Molecular and morphological diversity and population structure of sesame (Sesamum indicum L.) germplasm using expressed sequence tag-simple sequence repeat (EST-SSR) markers
摘要
Sesame (Sesamum indicum L.) is a commercially important oilseed crop whose effective utilisation in breeding depends on a thorough understanding of genetic diversity. This study evaluated 177 sesame accessions (107 indigenous breeding lines, 46 exotic breeding lines, and 24 released cultivars) for molecular and phenotypic diversity using expressed sequence tag-simple sequence repeat (EST-SSR) markers and quantitative morphological traits across two monsoon/autumn seasons (2023 and 2024). Screening of 96 EST-SSR markers yielded 29 polymorphic markers with polymorphism information content (PIC) ranging from 0.2888 (SEM-12–58) to 0.8655 (ZM_5), with a mean of 0.6089; 24 markers were highly informative (PIC > 0.50) and 5 were moderately informative (0.25 < PIC ≤ 0.50). Molecular variance analysis observed 95% of total genetic variation within populations and only 5% among populations (Φst = 0.048, P < 0.001), independently supported by Shannon diversity analysis (95.79% within populations) and a high scaled overlap value (D' = 0.910), indicating extensive allele sharing among populations. Indigenous accessions exhibited comparatively higher allelic richness (Na = 7.069; I = 1.323), and this ranking remained consistent after rarefaction standardisation to n = 24, confirming that the advantage reflected genuine genetic richness rather than sampling depth alone.
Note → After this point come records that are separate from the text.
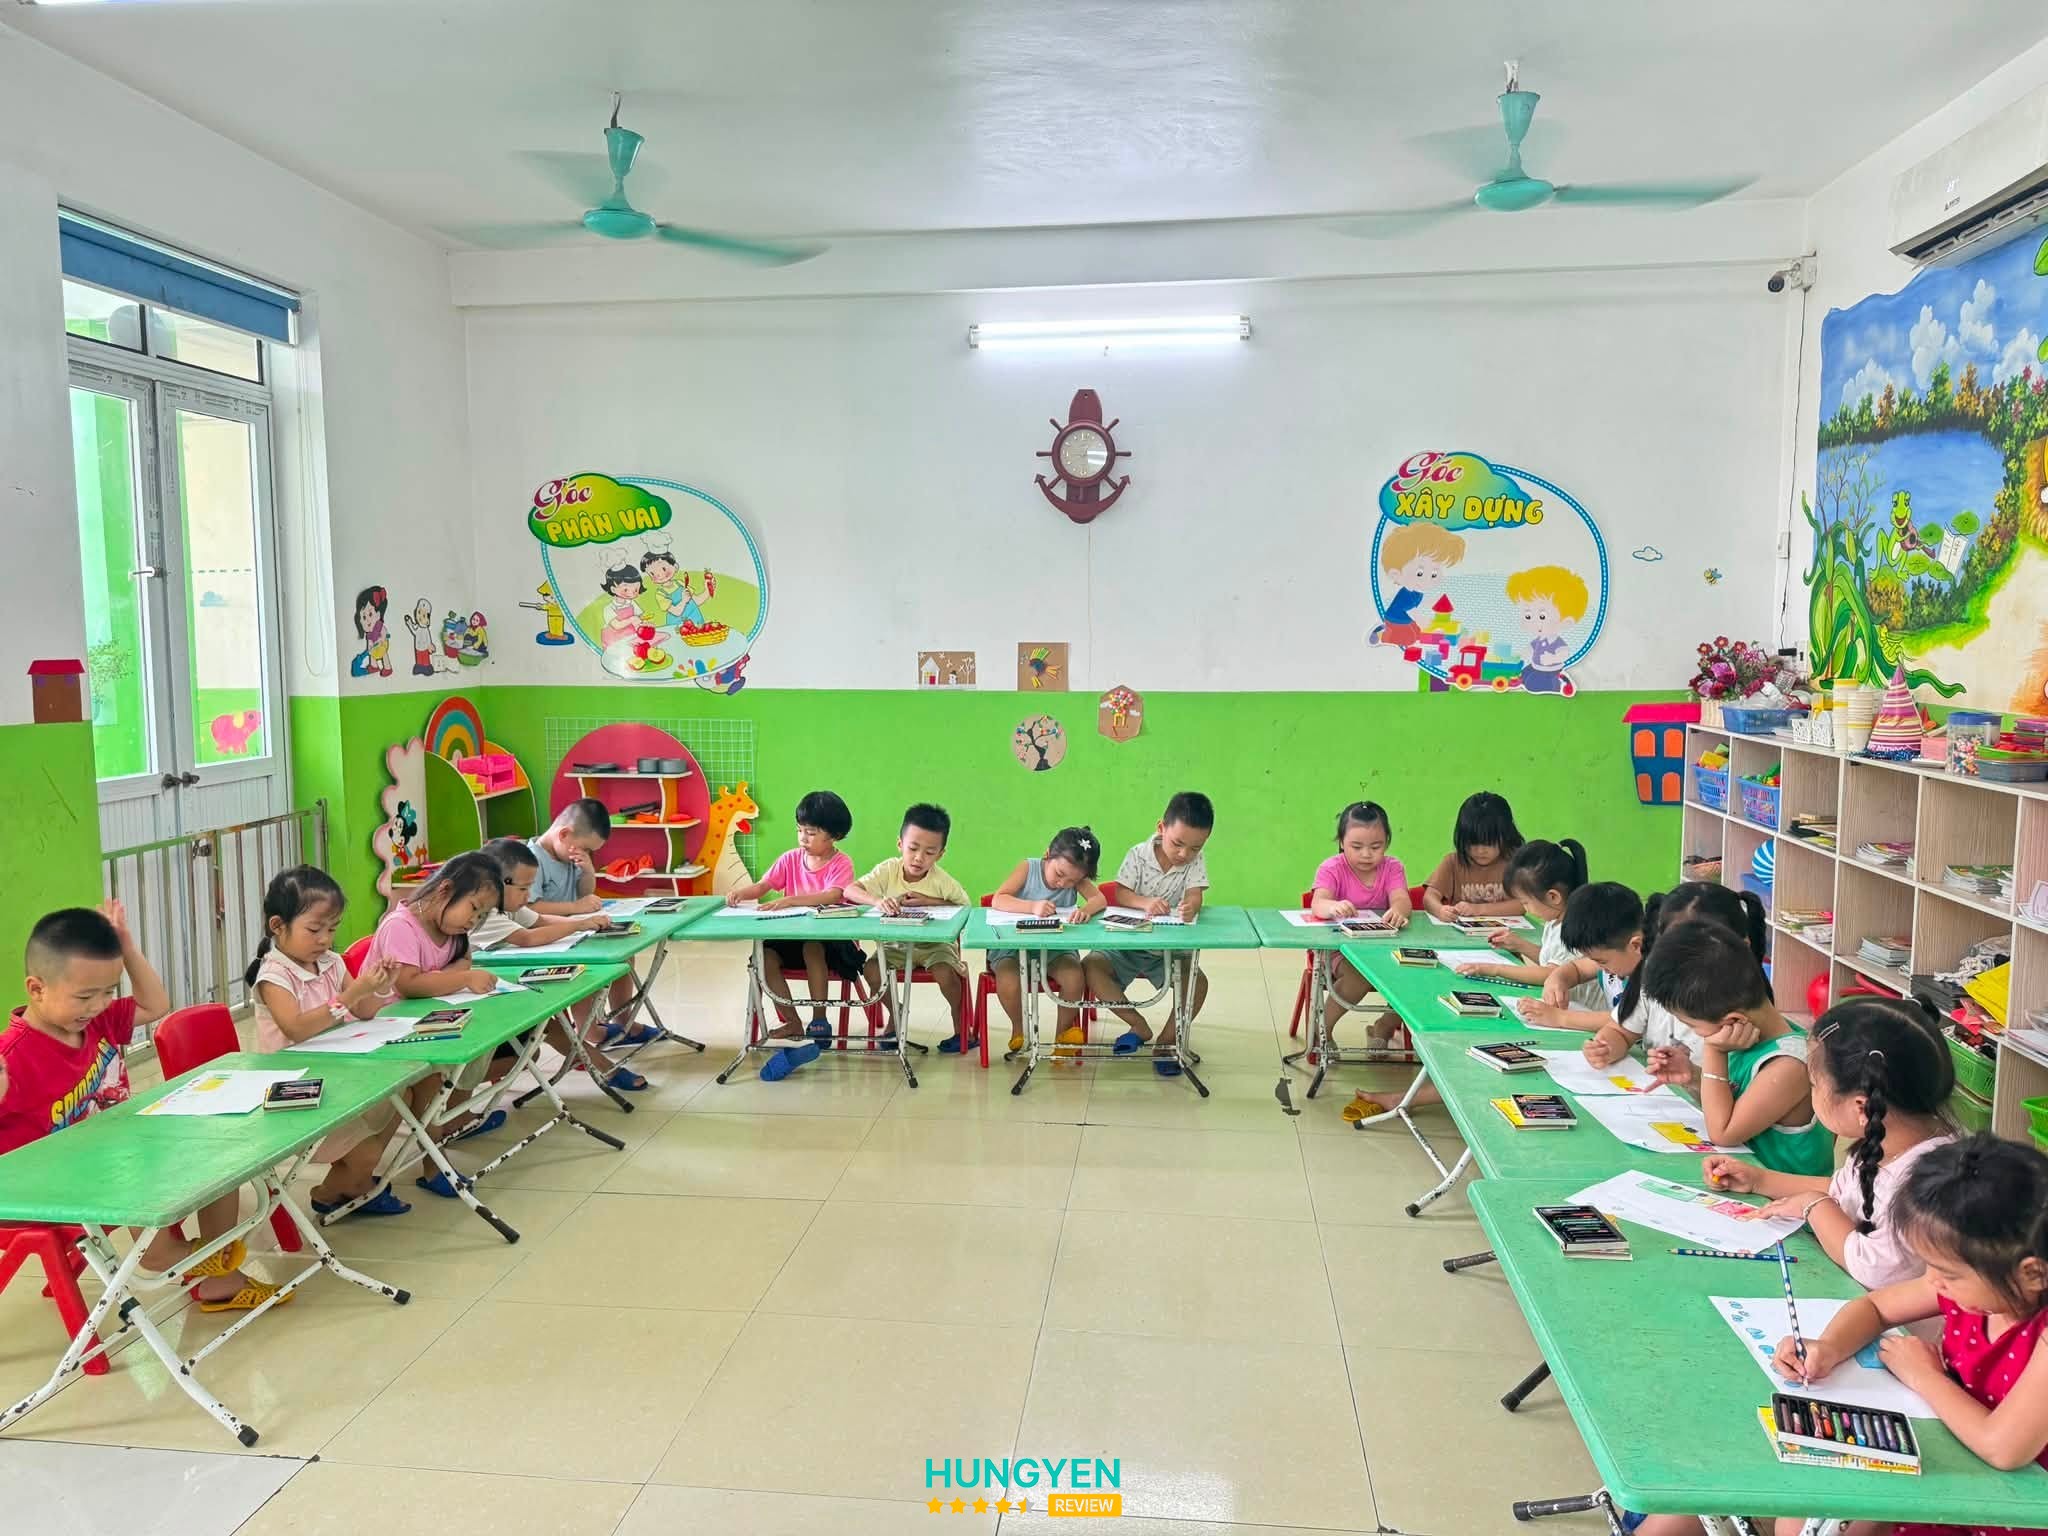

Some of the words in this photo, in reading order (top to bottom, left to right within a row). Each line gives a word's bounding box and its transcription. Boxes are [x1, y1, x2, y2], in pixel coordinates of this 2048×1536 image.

[1392, 452, 1463, 491] Góc
[534, 479, 591, 520] Góc
[1395, 488, 1455, 519] XÂY
[1463, 495, 1543, 526] DỰNG
[546, 511, 613, 542] PHÂN
[618, 506, 661, 531] VAI
Permutational multivariate analysis of variance (PERMANOVA) on best linear unbiased estimate (BLUEs)-adjusted trait means distributed 92.21% of phenotypic variance within populations, with released cultivars recording the highest yield-trait means as a predictable outcome of directed selection. Principal coordinate analysis (PCoA), Bayesian clustering (K = 2; ΔK = 298.489), and unweighted pair group method with arithmetic mean (UPGMA) analysis all pointed to widespread genetic admixture across the three groups. These findings demonstrate the utility of EST-SSR markers for sesame germplasm characterisation and highlight the rich genetic potential available for integration into future breeding programmes.